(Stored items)

· · · ·

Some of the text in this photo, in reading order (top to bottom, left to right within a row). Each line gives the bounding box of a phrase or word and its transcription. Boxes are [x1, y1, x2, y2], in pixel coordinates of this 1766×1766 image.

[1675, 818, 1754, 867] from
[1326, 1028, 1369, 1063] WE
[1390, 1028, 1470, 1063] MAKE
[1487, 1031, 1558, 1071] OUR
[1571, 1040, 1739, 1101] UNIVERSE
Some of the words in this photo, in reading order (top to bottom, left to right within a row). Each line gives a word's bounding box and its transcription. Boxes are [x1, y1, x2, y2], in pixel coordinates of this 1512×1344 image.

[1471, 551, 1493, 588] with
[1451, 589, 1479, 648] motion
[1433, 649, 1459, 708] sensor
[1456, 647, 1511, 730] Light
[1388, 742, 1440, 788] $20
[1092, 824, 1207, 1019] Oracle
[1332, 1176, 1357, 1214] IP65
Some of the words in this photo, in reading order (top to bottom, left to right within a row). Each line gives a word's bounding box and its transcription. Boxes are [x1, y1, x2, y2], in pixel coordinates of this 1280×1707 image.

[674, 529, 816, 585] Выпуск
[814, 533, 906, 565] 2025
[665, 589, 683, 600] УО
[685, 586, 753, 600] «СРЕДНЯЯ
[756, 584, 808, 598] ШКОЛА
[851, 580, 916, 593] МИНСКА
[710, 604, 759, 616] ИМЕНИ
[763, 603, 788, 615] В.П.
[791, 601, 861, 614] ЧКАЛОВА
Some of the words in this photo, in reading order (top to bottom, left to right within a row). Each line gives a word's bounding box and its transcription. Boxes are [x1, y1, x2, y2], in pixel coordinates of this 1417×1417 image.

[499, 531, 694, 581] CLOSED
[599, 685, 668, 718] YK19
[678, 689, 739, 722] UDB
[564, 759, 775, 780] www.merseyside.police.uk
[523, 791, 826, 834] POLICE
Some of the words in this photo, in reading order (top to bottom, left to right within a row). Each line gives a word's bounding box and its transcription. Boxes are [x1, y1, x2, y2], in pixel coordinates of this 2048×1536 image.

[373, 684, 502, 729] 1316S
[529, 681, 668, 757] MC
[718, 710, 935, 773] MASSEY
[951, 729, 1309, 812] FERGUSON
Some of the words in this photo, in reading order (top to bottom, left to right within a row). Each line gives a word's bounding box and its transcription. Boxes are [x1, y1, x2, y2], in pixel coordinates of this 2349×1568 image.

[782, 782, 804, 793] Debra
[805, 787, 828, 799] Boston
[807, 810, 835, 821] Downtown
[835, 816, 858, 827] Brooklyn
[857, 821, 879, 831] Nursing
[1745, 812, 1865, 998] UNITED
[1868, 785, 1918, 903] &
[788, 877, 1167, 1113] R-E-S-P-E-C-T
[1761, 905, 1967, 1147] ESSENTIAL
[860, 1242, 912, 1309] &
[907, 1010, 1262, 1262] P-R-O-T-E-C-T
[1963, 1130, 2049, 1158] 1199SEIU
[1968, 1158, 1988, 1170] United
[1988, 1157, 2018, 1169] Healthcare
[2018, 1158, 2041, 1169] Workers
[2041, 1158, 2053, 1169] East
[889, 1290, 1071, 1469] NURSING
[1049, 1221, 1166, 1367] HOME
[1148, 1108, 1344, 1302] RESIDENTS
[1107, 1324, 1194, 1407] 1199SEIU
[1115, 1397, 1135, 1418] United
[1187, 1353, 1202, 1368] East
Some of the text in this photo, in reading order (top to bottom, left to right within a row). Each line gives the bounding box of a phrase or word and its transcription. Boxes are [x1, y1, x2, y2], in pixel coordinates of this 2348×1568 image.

· · · ·

## Work instructions
Each record above, in full: retype it verbatim.

## Exercise solution
Some of the text in this photo, in reading order (top to bottom, left to right within a row). Each line gives the bounding box of a phrase or word and its transcription. Boxes are [x1, y1, x2, y2], in pixel coordinates of this 1766×1766 image.

[1675, 818, 1754, 867] from
[1326, 1028, 1369, 1063] WE
[1390, 1028, 1470, 1063] MAKE
[1487, 1031, 1558, 1071] OUR
[1571, 1040, 1739, 1101] UNIVERSE
Some of the words in this photo, in reading order (top to bottom, left to right within a row). Each line gives a word's bounding box and its transcription. Boxes are [x1, y1, x2, y2], in pixel coordinates of this 1512×1344 image.

[1471, 551, 1493, 588] with
[1451, 589, 1479, 648] motion
[1433, 649, 1459, 708] sensor
[1456, 647, 1511, 730] Light
[1388, 742, 1440, 788] $20
[1092, 824, 1207, 1019] Oracle
[1332, 1176, 1357, 1214] IP65
Some of the words in this photo, in reading order (top to bottom, left to right within a row). Each line gives a word's bounding box and its transcription. Boxes are [x1, y1, x2, y2], in pixel coordinates of this 1280×1707 image.

[674, 529, 816, 585] Выпуск
[814, 533, 906, 565] 2025
[665, 589, 683, 600] УО
[685, 586, 753, 600] «СРЕДНЯЯ
[756, 584, 808, 598] ШКОЛА
[851, 580, 916, 593] МИНСКА
[710, 604, 759, 616] ИМЕНИ
[763, 603, 788, 615] В.П.
[791, 601, 861, 614] ЧКАЛОВА
Some of the words in this photo, in reading order (top to bottom, left to right within a row). Each line gives a word's bounding box and its transcription. Boxes are [x1, y1, x2, y2], in pixel coordinates of this 1417×1417 image.

[499, 531, 694, 581] CLOSED
[599, 685, 668, 718] YK19
[678, 689, 739, 722] UDB
[564, 759, 775, 780] www.merseyside.police.uk
[523, 791, 826, 834] POLICE
Some of the words in this photo, in reading order (top to bottom, left to right within a row). Each line gives a word's bounding box and its transcription. Boxes are [x1, y1, x2, y2], in pixel coordinates of this 2048×1536 image.

[373, 684, 502, 729] 1316S
[529, 681, 668, 757] MC
[718, 710, 935, 773] MASSEY
[951, 729, 1309, 812] FERGUSON
Some of the words in this photo, in reading order (top to bottom, left to right within a row). Each line gives a word's bounding box and its transcription. Boxes are [x1, y1, x2, y2], in pixel coordinates of this 2349×1568 image.

[782, 782, 804, 793] Debra
[805, 787, 828, 799] Boston
[807, 810, 835, 821] Downtown
[835, 816, 858, 827] Brooklyn
[857, 821, 879, 831] Nursing
[1745, 812, 1865, 998] UNITED
[1868, 785, 1918, 903] &
[788, 877, 1167, 1113] R-E-S-P-E-C-T
[1761, 905, 1967, 1147] ESSENTIAL
[860, 1242, 912, 1309] &
[907, 1010, 1262, 1262] P-R-O-T-E-C-T
[1963, 1130, 2049, 1158] 1199SEIU
[1968, 1158, 1988, 1170] United
[1988, 1157, 2018, 1169] Healthcare
[2018, 1158, 2041, 1169] Workers
[2041, 1158, 2053, 1169] East
[889, 1290, 1071, 1469] NURSING
[1049, 1221, 1166, 1367] HOME
[1148, 1108, 1344, 1302] RESIDENTS
[1107, 1324, 1194, 1407] 1199SEIU
[1115, 1397, 1135, 1418] United
[1187, 1353, 1202, 1368] East
Some of the text in this photo, in reading order (top to bottom, left to right within a row). Each line gives the bounding box of a phrase or word and its transcription. Boxes are [x1, y1, x2, y2], in pixel coordinates of this 2348×1568 image.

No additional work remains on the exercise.